Wise-Faberowski Lisa, Irvin Matthew, Sidell Douglas R, Rajashekara Sheila, Asija Ritu, Chan Frandics P, Hanley Frank L, McElhinney Doff B
Department of Anesthesiology,Stanford University, Palo Alto,CA,USA.
Clinical and Translational Research Program, Betty Moore heart Center, Palo Alto, CA,USA.
Cardiol Young. 2019 May;29(5):610-614. doi: 10.1017/S1047951119000301. Epub 2019 May 2.
Children with tetralogy of Fallot, pulmonary atresia, and major aortopulmonary collaterals (TOF/MAPCAs) are at risk for post-operative respiratory complications after undergoing unifocalisation surgery. Thus, we assessed and further defined the incidence of airway abnormalities in our series of over 500 children with TOF/MAPCAs as determined by direct laryngoscopy, chest computed tomography (CT), and/or bronchoscopy.
The medical records of all patients with TOF/MAPCAs who underwent unifocalisation or pulmonary artery reconstruction surgery from March, 2002 to June, 2018 were reviewed. Anaesthesia records, peri-operative bronchoscopy, and/or chest CT reports were reviewed to assess for diagnoses of abnormal or difficult airway. Associations between chromosomal anomalies and airway abnormalities - difficult anaesthetic airway, bronchoscopy, and/or CT findings - were defined.

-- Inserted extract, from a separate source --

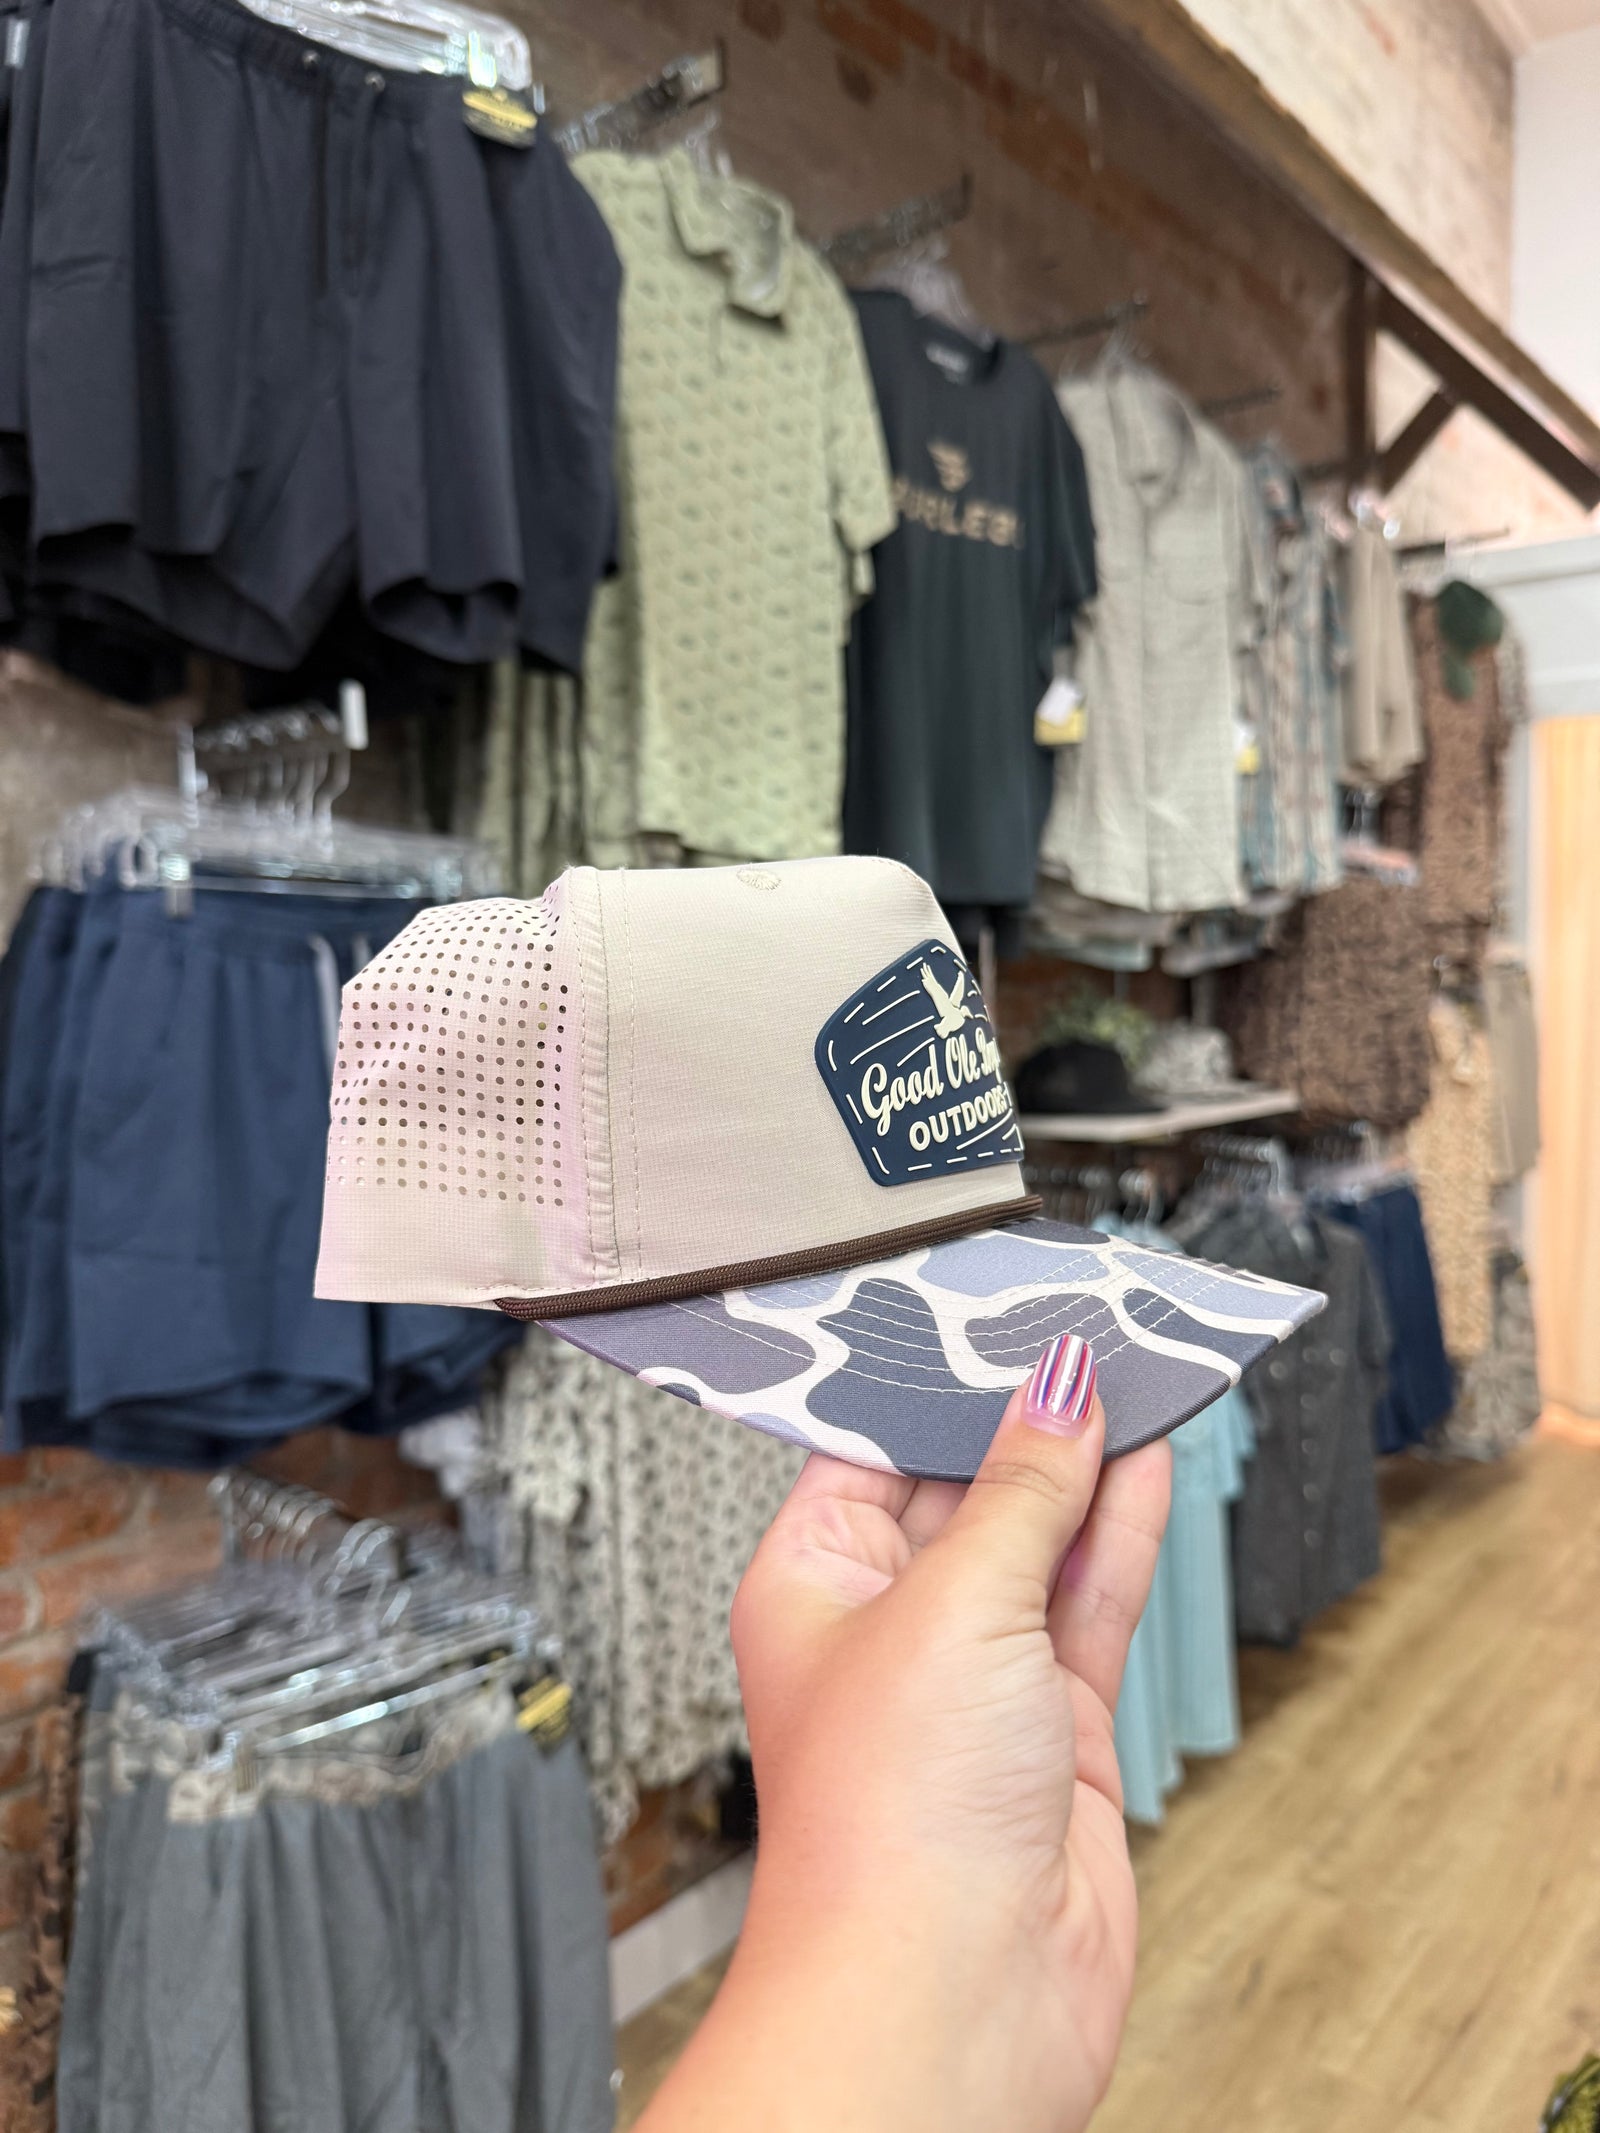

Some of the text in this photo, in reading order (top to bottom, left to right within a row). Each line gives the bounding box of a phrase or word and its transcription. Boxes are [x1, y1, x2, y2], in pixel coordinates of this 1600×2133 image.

[861, 1043, 945, 1137] Good
[945, 1033, 981, 1089] Ole
[909, 1084, 1008, 1152] OUTDOORS

Of the 564 patients with TOF/MAPCAs who underwent unifocalisation or pulmonary artery reconstruction surgery at our institution, 211 (37%) had a documented chromosome 22q11 microdeletion and 28 (5%) had a difficult airway/intubation reported at the time of surgery. Chest CT and/or peri-operative bronchoscopy were performed in 234 (41%) of these patients. Abnormalities related to malacia or compression were common. In total 35 patients had both CT and bronchoscopy within 3 months of each other, with concordant findings in 32 (91%) and partially concordant findings in the other 3.
This is the largest series of detailed airway findings (direct laryngoscopy, CT, and bronchoscopy) in TOF/MAPCAS patients. Although these findings are specific to an at-risk population for airway abnormalities, they support the utility of CT and /or bronchoscopy in detecting airway abnormalities in patients with TOF/MAPCAs.

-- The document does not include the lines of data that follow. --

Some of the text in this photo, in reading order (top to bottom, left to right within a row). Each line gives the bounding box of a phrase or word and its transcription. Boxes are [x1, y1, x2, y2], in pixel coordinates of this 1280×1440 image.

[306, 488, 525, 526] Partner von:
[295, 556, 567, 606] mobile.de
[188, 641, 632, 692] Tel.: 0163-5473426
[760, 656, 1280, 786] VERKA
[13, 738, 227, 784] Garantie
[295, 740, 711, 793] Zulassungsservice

患有法洛四联症、肺动脉闭锁及主-肺动脉侧支(TOF/MAPCAs)的儿童在接受单灶化手术术后有发生呼吸并发症的风险。因此,我们评估并进一步明确了在我们这组超过500例TOF/MAPCAs患儿中,通过直接喉镜检查、胸部计算机断层扫描(CT)和/或支气管镜检查所确定的气道异常发生率。
回顾了2002年3月至2018年6月期间所有接受单灶化或肺动脉重建手术的TOF/MAPCAs患者的病历。查阅麻醉记录、围手术期支气管镜检查报告和/或胸部CT报告,以评估是否存在气道异常或困难气道的诊断。明确了染色体异常与气道异常(困难麻醉气道、支气管镜检查和/或CT表现)之间的关联。
在我们机构接受单灶化或肺动脉重建手术的564例TOF/MAPCAs患者中,211例(37%)记录有22号染色体q11微缺失,28例(5%)在手术时有困难气道/插管的报告。其中234例(41%)患者进行了胸部CT和/或围手术期支气管镜检查。与软化或受压相关的异常很常见。共有35例患者在3个月内先后进行了CT和支气管镜检查,其中32例(91%)结果一致,另外3例部分一致。
这是关于TOF/MAPCAS患者详细气道检查结果(直接喉镜检查、CT和支气管镜检查)的最大系列研究。尽管这些结果是特定于气道异常高危人群的,但它们支持CT和/或支气管镜检查在检测TOF/MAPCAs患者气道异常方面的实用性。